Activity:
Each entry should be set down again verbatim, with the images omitted.

Supplied records:

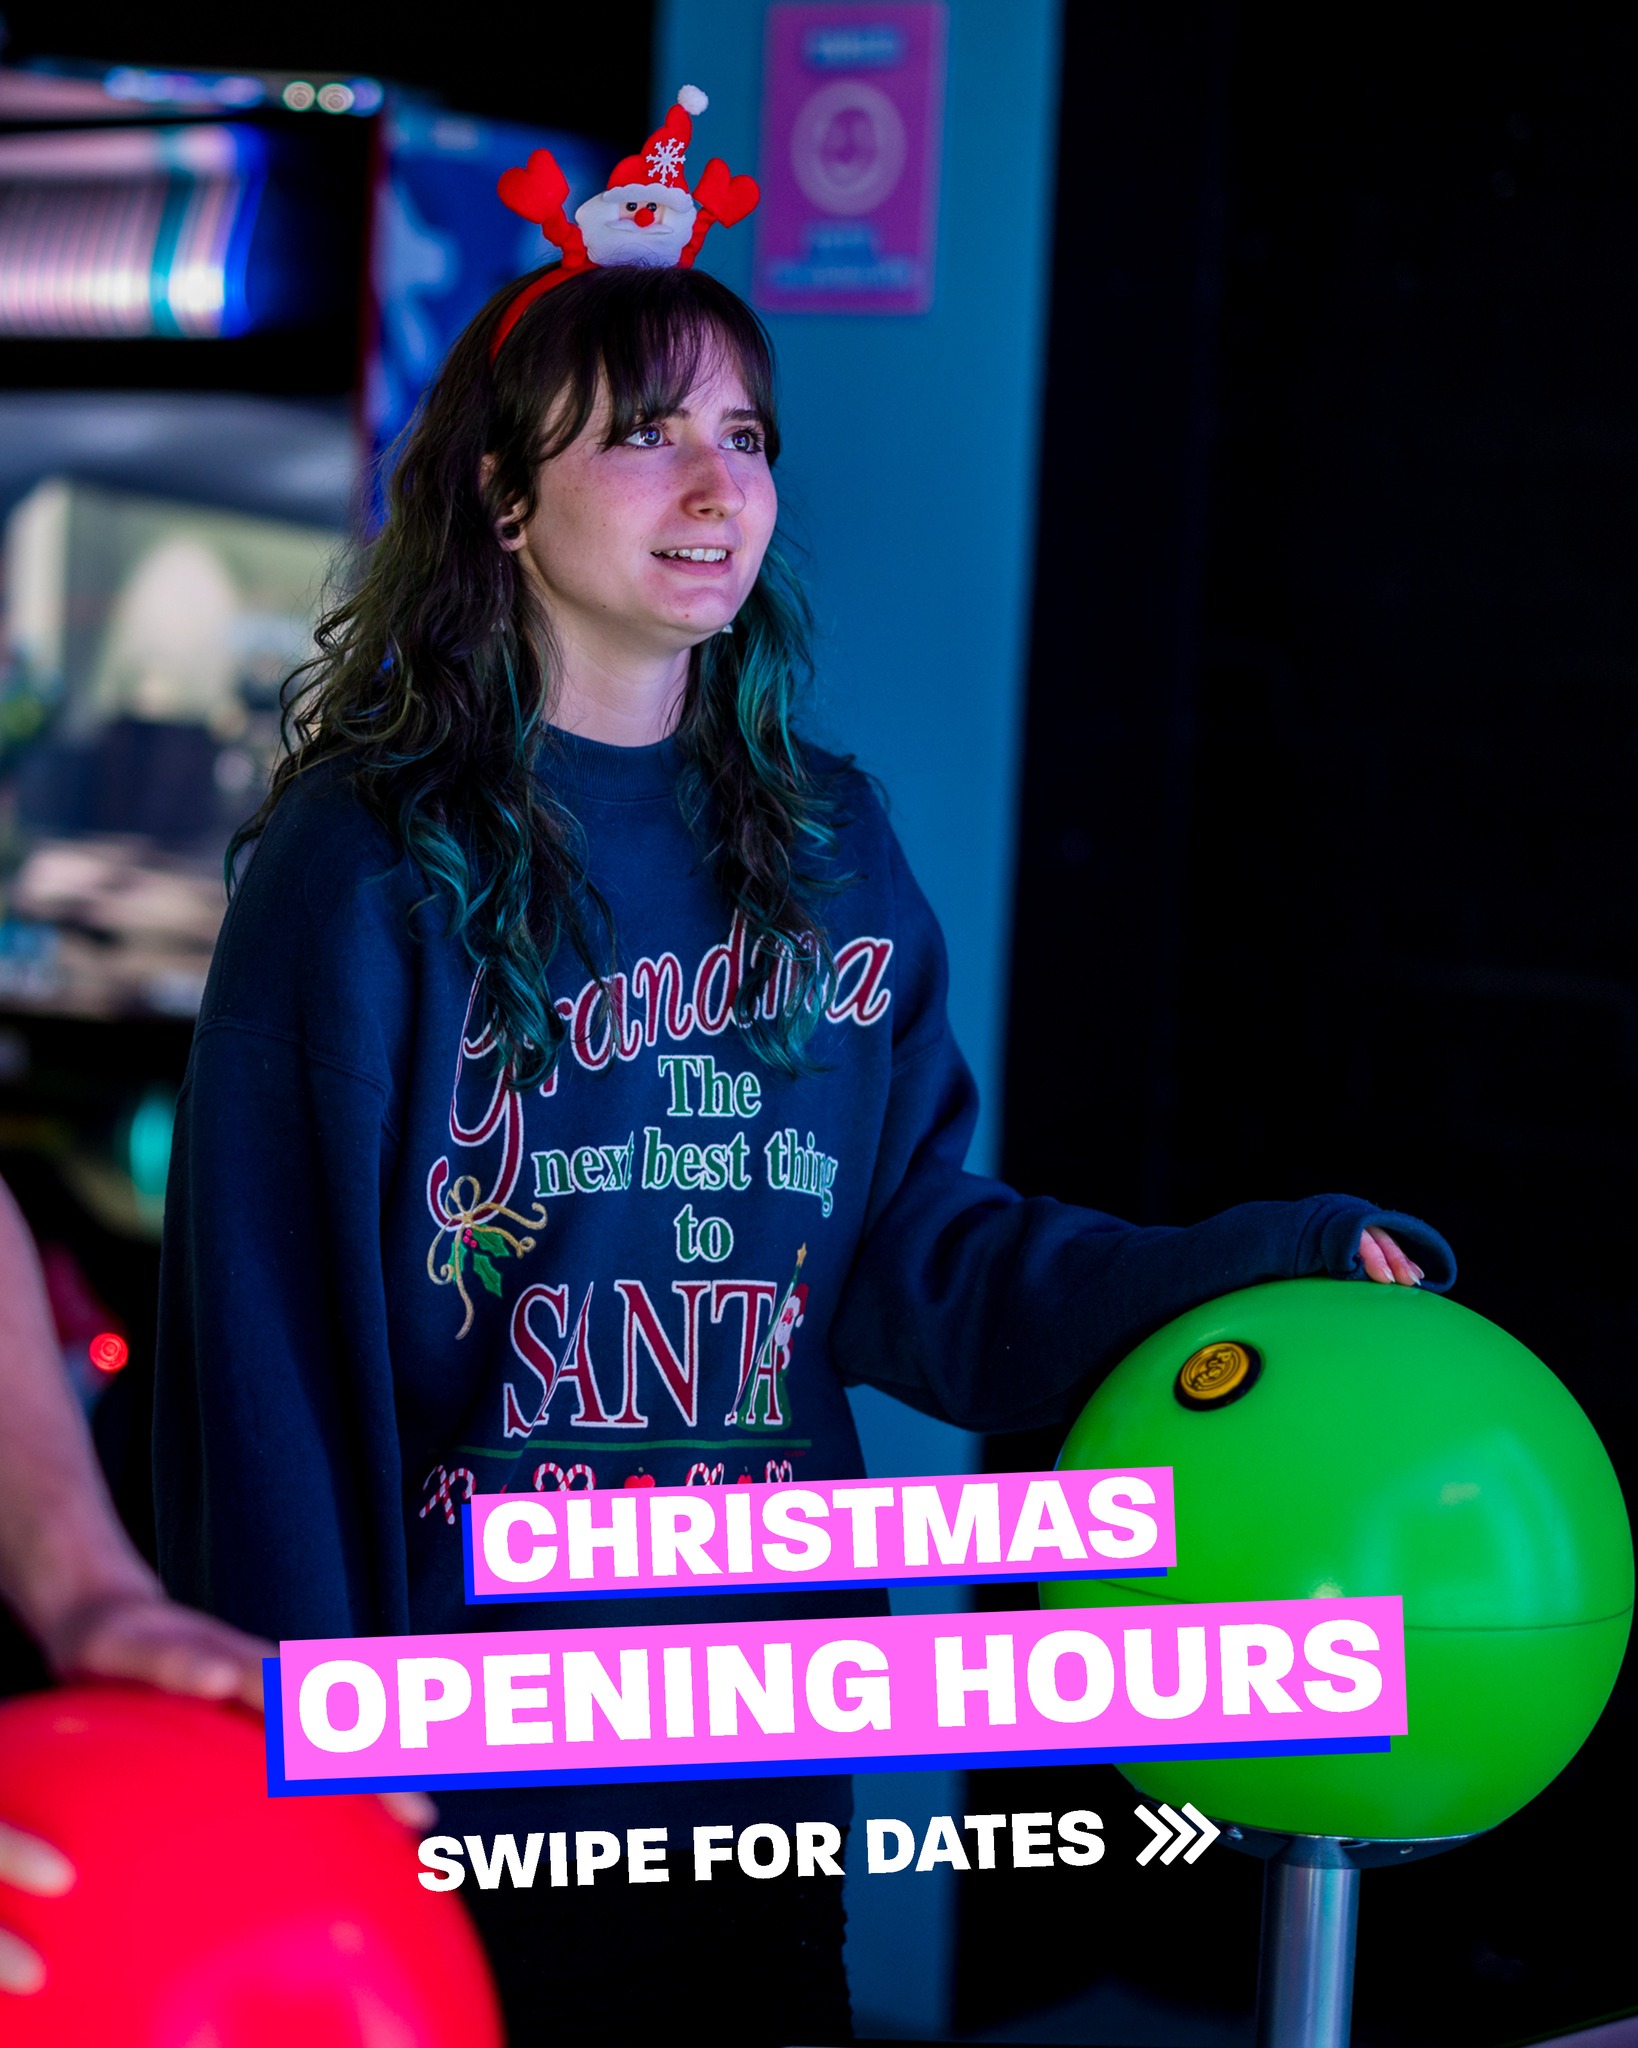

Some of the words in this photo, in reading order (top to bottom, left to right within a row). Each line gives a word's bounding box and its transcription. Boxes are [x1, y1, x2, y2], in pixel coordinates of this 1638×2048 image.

[657, 1054, 762, 1118] The
[641, 1126, 752, 1192] best
[673, 1203, 735, 1264] to
[503, 1280, 787, 1438] SANTA

Task answer:
Some of the words in this photo, in reading order (top to bottom, left to right within a row). Each line gives a word's bounding box and its transcription. Boxes are [x1, y1, x2, y2], in pixel coordinates of this 1638×2048 image.

[657, 1054, 762, 1118] The
[641, 1126, 752, 1192] best
[673, 1203, 735, 1264] to
[503, 1280, 787, 1438] SANTA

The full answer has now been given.